This brief overview is designed to address the options for increasing organ transplant rates to between 100 and 120 transplanted organs per million population globally. The focus of this review is the data produced through the World Health Organization's Global Observatory on Donation and Transplantation, with consideration for the issues that different countries need to address to achieve higher transplant rates. Without both optimized living donation and optimized deceased donation, rates of transplant are not sufficient to provide for a level of self-dependency for transplant therapy. Deceased donation comprises both donation from donors declared dead after cessation of all functions of the brain and donors declared dead from irreversible cessation of circulation of the blood. The preservation strategies that hold the greatest chance of increasing the utility of marginal and older donors involve normothermic circulation to prevent ischemic damage and potentially restore function of damaged organs. Normothermic in situ perfusion of abdominal organs has demonstrated utility, and consideration must be given to normothermic perfusion of the thoracic organs to improve heart and lung transplants, but this may challenge the legal definitions of death. Each nation must endeavor to increase organ donation capacity across the spectrum of donor types and must address the opportunities that normothermic perfusion of organs at retrieval may offer to alleviate shortages of organs for transplant and provide self-dependency for the communities.

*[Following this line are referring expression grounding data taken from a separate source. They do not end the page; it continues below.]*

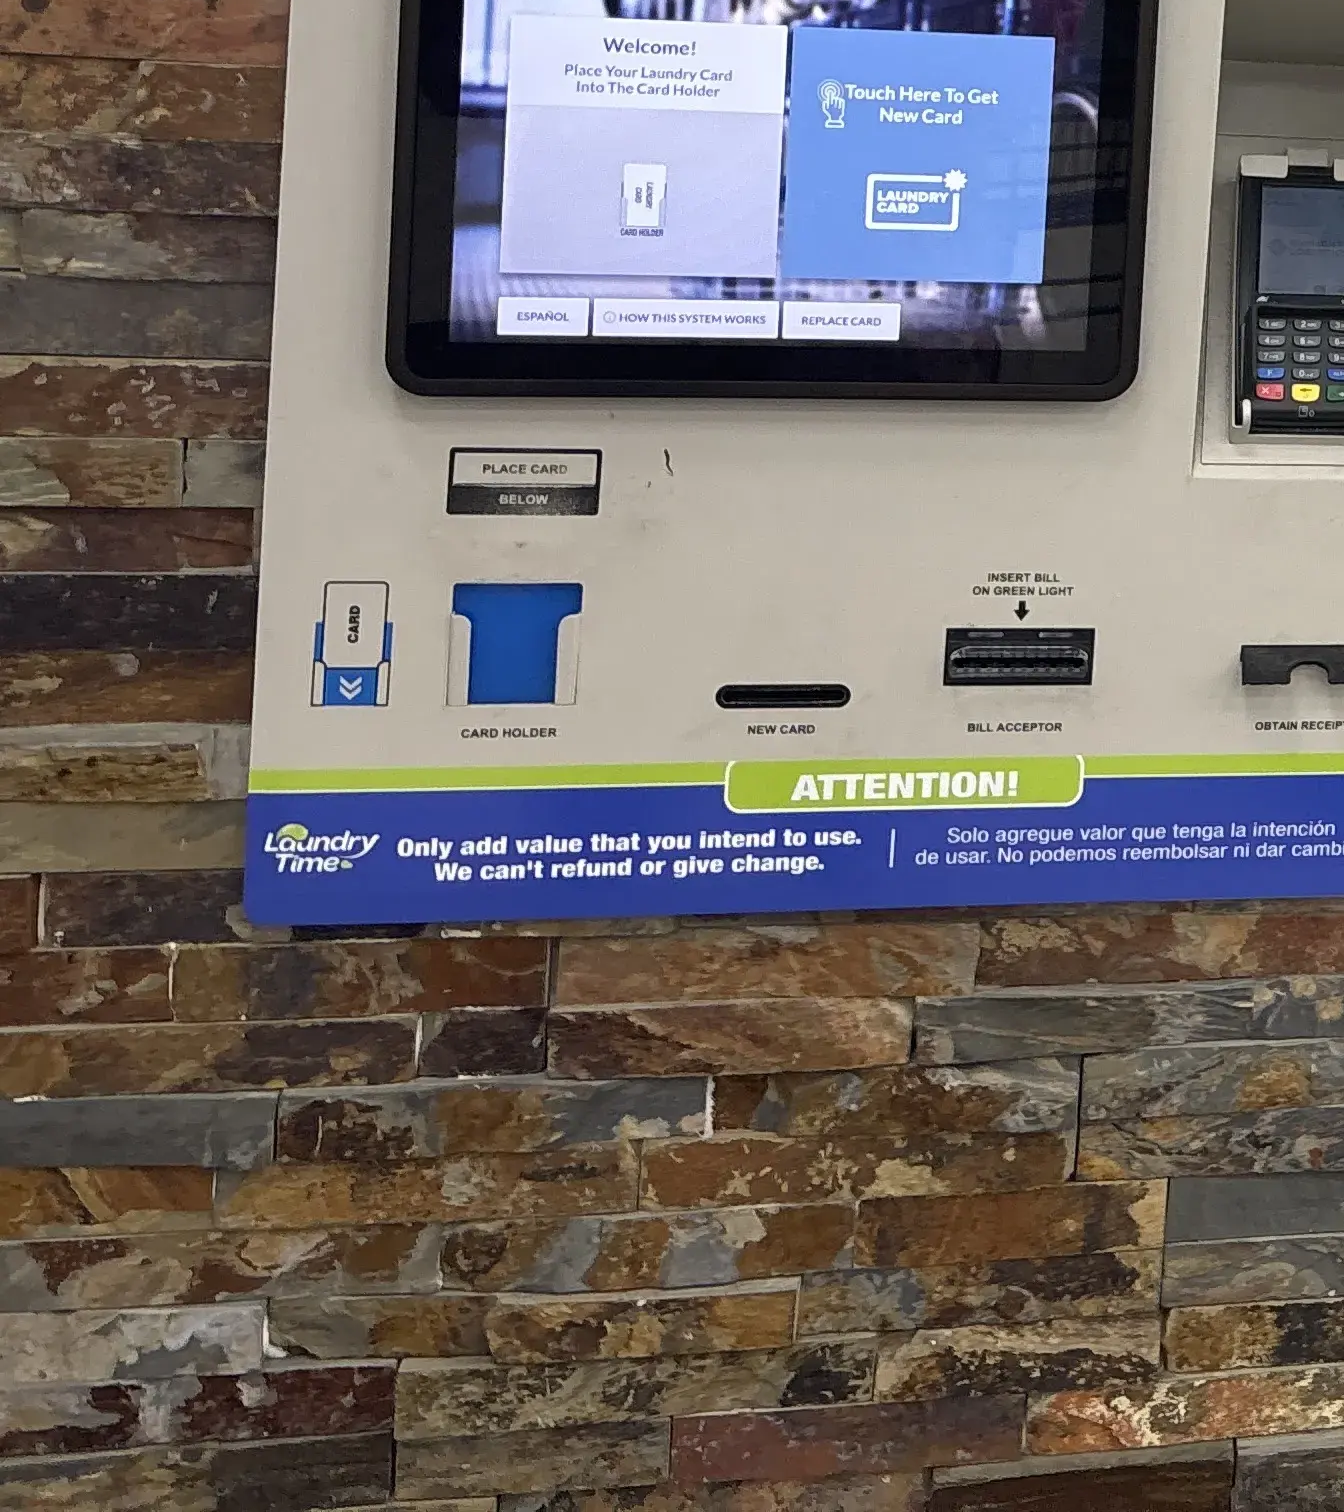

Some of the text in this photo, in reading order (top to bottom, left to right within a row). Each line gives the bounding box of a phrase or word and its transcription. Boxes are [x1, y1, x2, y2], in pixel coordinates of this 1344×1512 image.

[603, 37, 697, 57] Welcome!
[564, 64, 732, 83] Place Your Laundry Card
[576, 81, 720, 98] Into The Card Holder
[845, 84, 998, 105] Touch Here To Get
[879, 107, 962, 125] New Card
[517, 308, 569, 323] ESPAÑOL
[483, 464, 567, 475] PLACE CARD
[499, 494, 548, 505] BELOW
[987, 573, 1060, 583] INSERT BILL
[972, 586, 1074, 596] ON GREEN LIGHT
[347, 605, 361, 644] CARD
[461, 728, 556, 738] CARD HOLDER
[791, 771, 1019, 801] ATTENTION!
[264, 829, 380, 858] Laundry
[398, 829, 862, 859] Only add value that you intend to use.
[276, 854, 342, 874] Time
[434, 852, 824, 882] We can't refund or give change.

Key words : Donation after circulatory death, DCD, Ex situ perfusion, In situ perfusion, Normothermic, Organ perfusion

Introduction

Organ donation rates vary greatly between countries, as demonstrated by the extensive data collated by the World Health Organization in its Global Observatory of Donation and Transplantation.1 The lowest rates of organ donation and transplant are seen in countries with the lowest Human Development Index (HDI), which is not surprising. These countries are unable to afford access to many basic health services such as maternal health and vaccination; therefore, it is not surprising that access to high-end tertiary care programs such as transplantation is low or nonexistent. What is, perhaps, surprising is the very great variability in access to transplants in wealthy countries with high and very high HDI scores as seen in Figure 1.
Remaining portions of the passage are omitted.